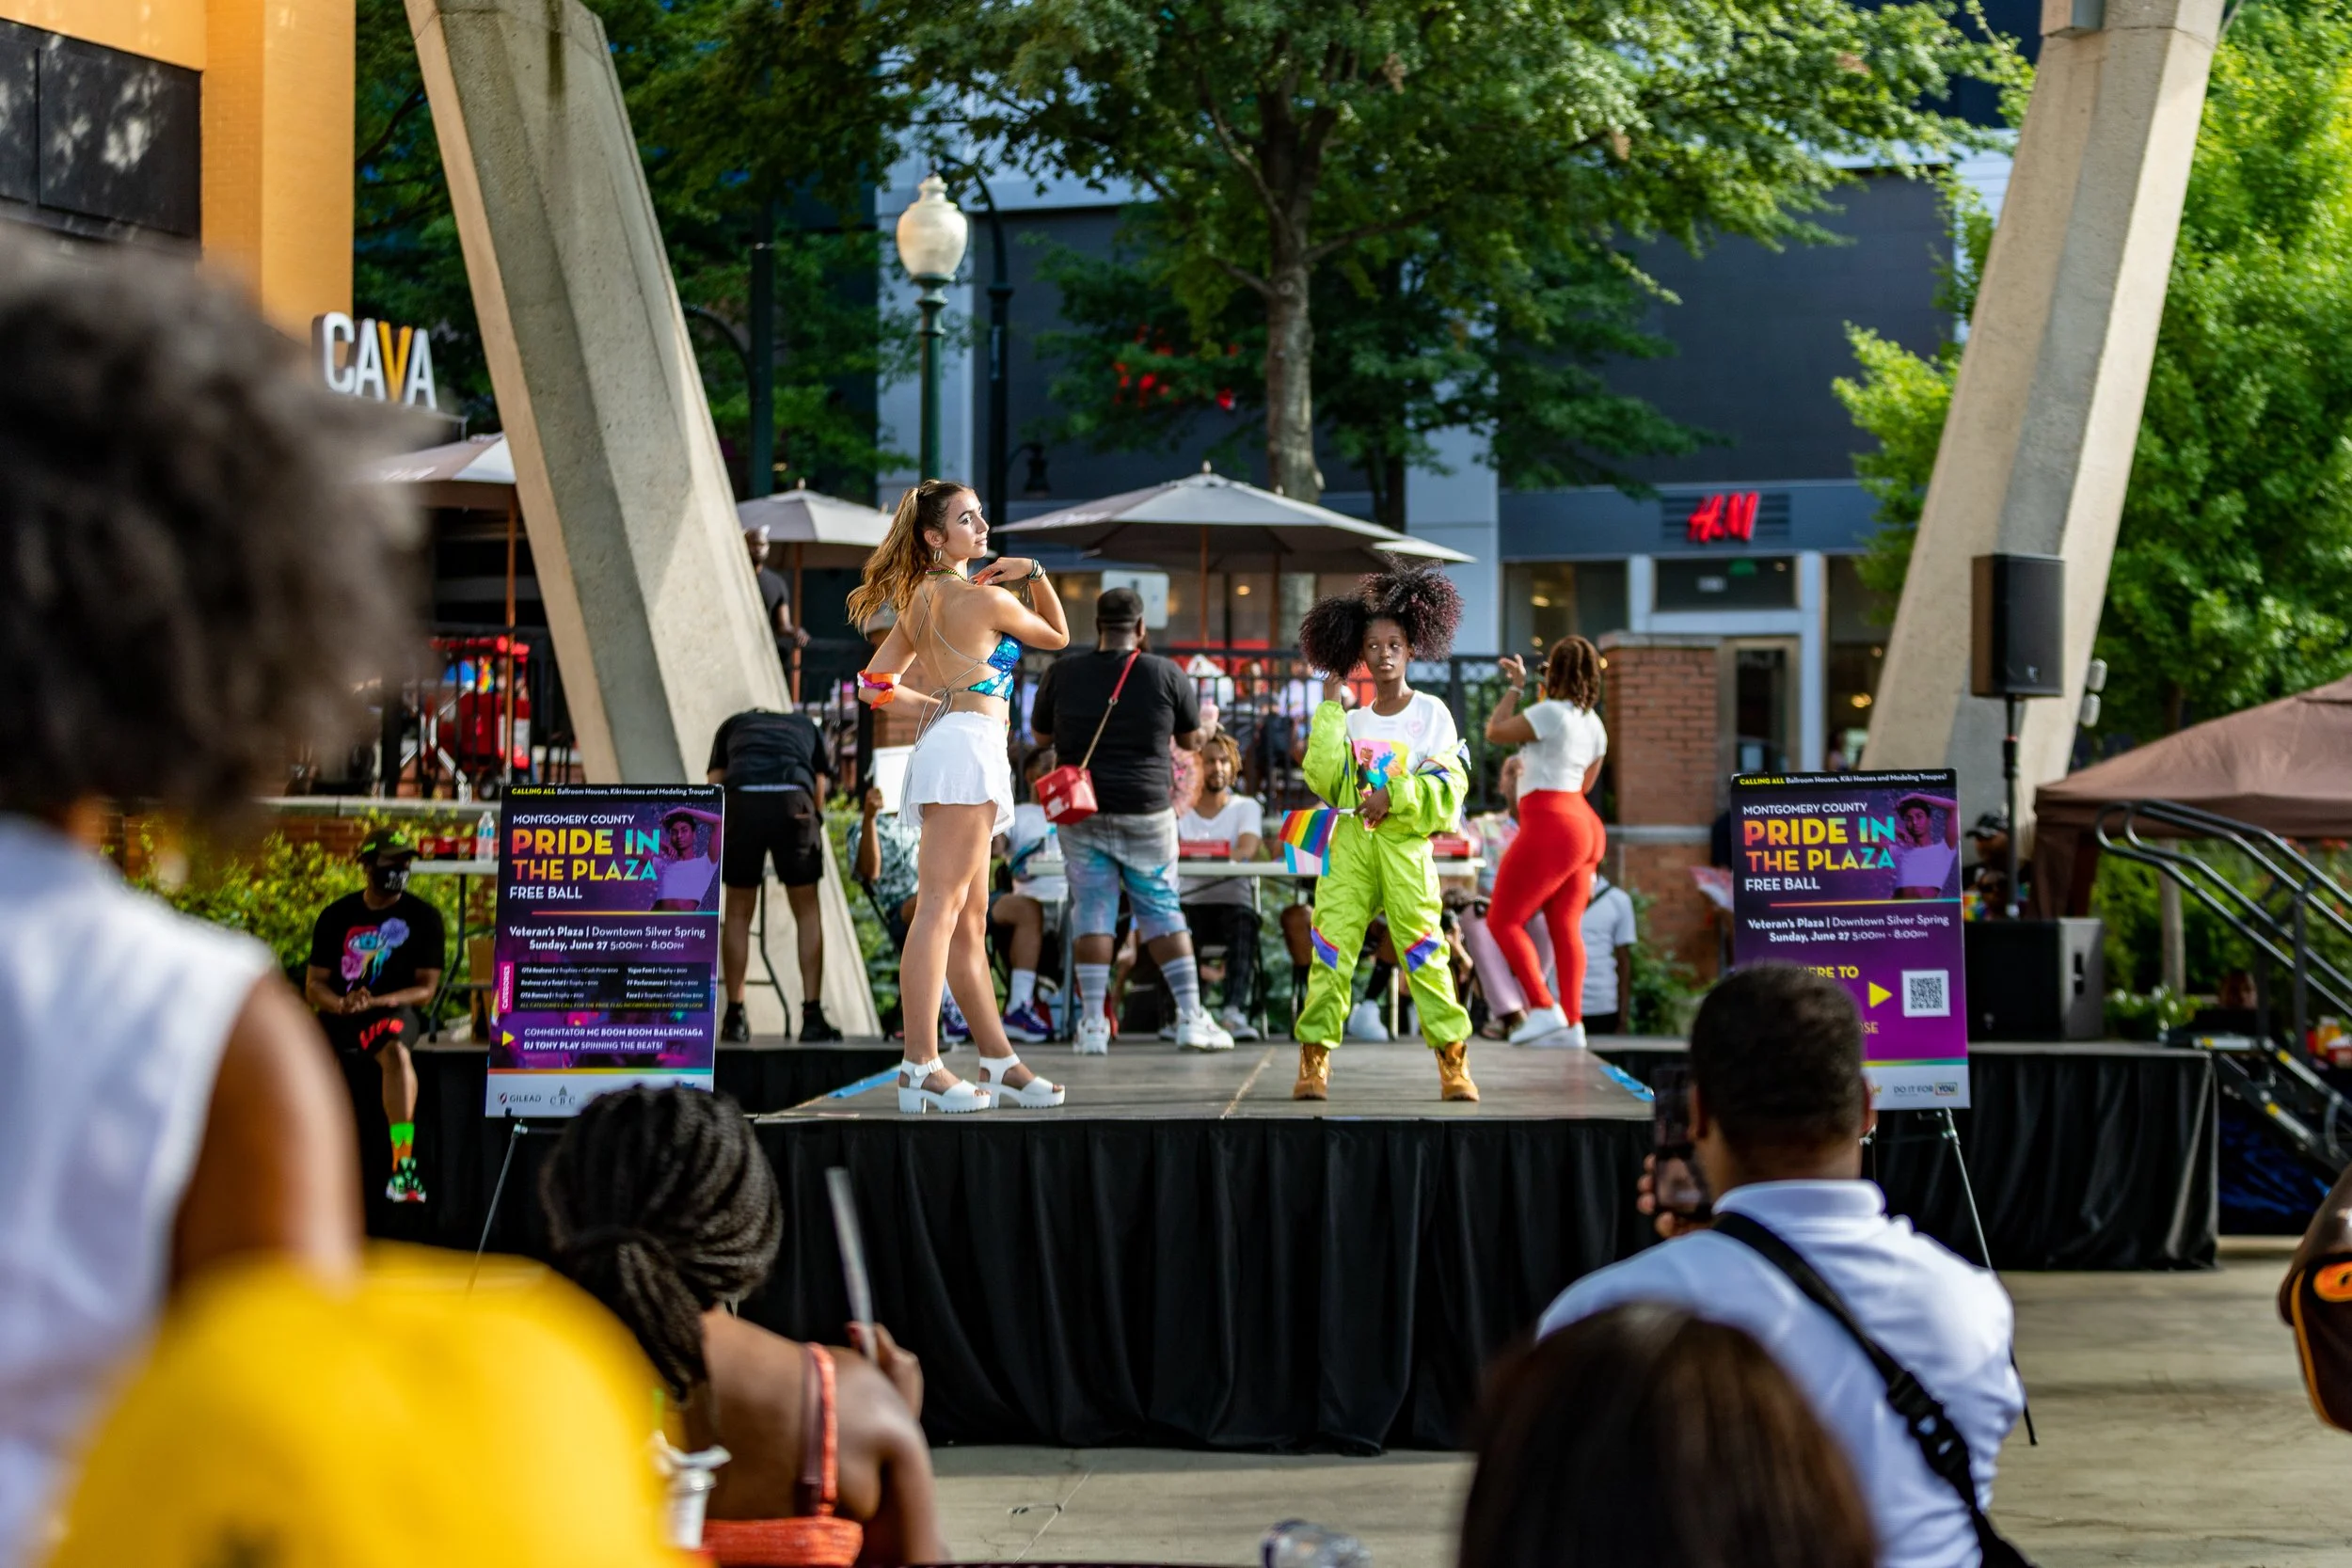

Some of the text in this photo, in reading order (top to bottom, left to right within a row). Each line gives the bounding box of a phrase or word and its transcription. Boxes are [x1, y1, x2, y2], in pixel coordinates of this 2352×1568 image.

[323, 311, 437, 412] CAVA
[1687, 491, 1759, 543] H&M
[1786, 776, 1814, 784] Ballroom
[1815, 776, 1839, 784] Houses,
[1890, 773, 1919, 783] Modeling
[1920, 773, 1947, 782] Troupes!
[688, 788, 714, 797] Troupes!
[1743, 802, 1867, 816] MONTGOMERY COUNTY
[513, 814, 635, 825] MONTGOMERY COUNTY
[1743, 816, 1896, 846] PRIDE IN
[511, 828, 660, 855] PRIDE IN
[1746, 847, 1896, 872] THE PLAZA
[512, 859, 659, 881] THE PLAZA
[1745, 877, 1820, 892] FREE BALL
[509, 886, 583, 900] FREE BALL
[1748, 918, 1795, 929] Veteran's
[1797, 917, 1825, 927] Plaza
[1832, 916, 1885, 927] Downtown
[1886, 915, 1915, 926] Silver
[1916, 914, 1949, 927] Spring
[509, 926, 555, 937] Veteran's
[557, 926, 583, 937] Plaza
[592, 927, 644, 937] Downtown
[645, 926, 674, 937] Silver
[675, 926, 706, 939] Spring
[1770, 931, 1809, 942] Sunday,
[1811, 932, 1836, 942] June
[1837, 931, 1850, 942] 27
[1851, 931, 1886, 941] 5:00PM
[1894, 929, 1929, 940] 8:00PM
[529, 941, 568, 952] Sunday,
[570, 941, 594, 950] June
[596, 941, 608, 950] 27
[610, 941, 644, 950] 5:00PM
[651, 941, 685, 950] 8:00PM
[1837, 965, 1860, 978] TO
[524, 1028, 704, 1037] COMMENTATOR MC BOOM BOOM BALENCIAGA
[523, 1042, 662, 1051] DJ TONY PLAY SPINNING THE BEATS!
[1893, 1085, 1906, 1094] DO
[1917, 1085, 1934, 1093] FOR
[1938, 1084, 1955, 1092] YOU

### Work required
What number of lines in the listing above hold the string "Sunday"? Give that number and nothing else.

### Result of the exercise
2